Hands-On: Sony Xperia Z3, Z3 Compact, and E3
Sony revealed a new line of Xperia Z-class devices today, including the Z3 flagship and its close cousin the Z3 Compact. Here are our first impressions of these two winsome handsets, in addition to the mid-range E3.
Sony's new trio of smartphones are a handsome lot. They carry over the same design language Sony has been using for several years now, but make some nice refinements that go a long way to improve the overall appeal of the devices. The Z3 and Z3 Compact share nearly all features, save for the shape and screen, while the E3 is a mid-range handset that borrows heavily from its higher-spec'd cousins.
The Z3 is an impressive piece of work. It ranks right up there with Apple and HTC in terms of industrial design and manufacturing. The phone makes use of Sony's Omnibalance design, which means it has a metallic frame rimming the outside and two pieces of glass forming the front and rear surfaces. Sony has refined this design over the years, and the progression from Z1, to Z1S/Z2, and now Z3 has been steady, if not a bit slow.

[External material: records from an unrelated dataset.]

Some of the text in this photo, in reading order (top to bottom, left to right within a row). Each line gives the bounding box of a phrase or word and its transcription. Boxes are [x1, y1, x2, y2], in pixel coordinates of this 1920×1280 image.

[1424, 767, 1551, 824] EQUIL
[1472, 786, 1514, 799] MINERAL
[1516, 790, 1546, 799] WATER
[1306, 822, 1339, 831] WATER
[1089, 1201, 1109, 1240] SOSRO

The overall look is sleek and slim. It looks high-tech, and it is. The Z3 is one of the slimmest devices ever made by Sony at 7.4mm thick. It hardly has any weight. Sony did itself a big favor and was able to reduce the overall size of the handset by slimming down the bezels around the display. The Z line has always been beset by bezels that are way to thick, which give them an odd look. The thinner bezels of the Z3 not only improve its look, but also make it easier to hold and use.
The exterior frame is made of aluminum. It has a lot of hatches, ports, and other doohickeys interrupting what could otherwise be a svelte look. The corners and edges are nicely rounded, which help the device fit better in the hand and your pocket. The aluminum and glass combination is hard not to like. The glass surfaces are silky smooth, though the back surface is particularly adept at collecting fingerprints.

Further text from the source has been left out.